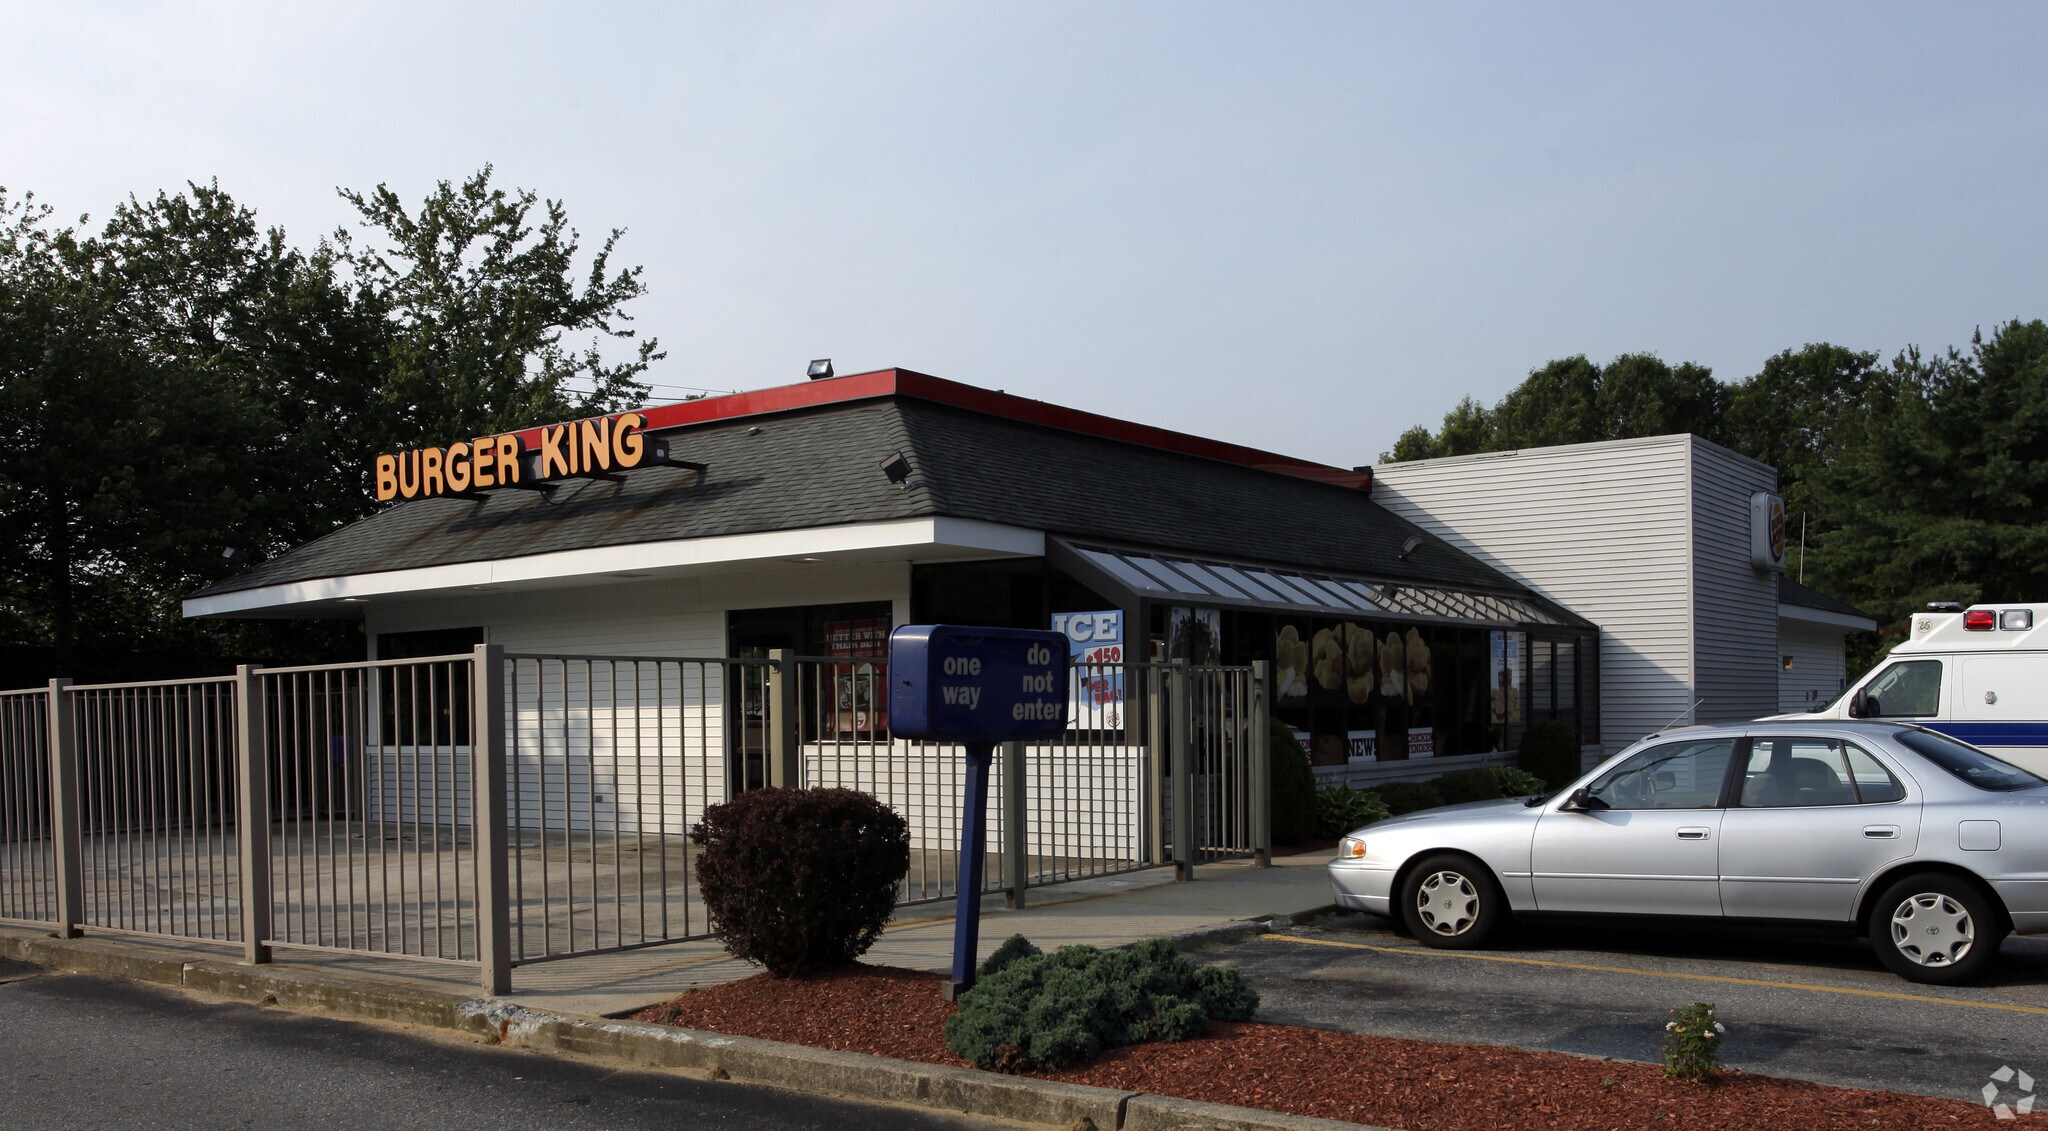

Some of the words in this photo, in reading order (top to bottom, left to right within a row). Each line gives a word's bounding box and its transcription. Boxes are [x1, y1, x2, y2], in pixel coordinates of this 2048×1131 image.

[376, 434, 520, 501] BURGER
[541, 413, 645, 478] KING
[1054, 613, 1118, 642] ICE
[1027, 643, 1050, 665] do
[943, 656, 981, 676] one
[1022, 671, 1053, 693] not
[942, 686, 981, 710] way
[1012, 698, 1062, 720] enter

● ● ● ● ●

| EXERCISE |
Each entry above must be printed exactly, apart from its pictures.

| COMPLETED TASK |
Some of the words in this photo, in reading order (top to bottom, left to right within a row). Each line gives a word's bounding box and its transcription. Boxes are [x1, y1, x2, y2], in pixel coordinates of this 2048×1131 image.

[376, 434, 520, 501] BURGER
[541, 413, 645, 478] KING
[1054, 613, 1118, 642] ICE
[1027, 643, 1050, 665] do
[943, 656, 981, 676] one
[1022, 671, 1053, 693] not
[942, 686, 981, 710] way
[1012, 698, 1062, 720] enter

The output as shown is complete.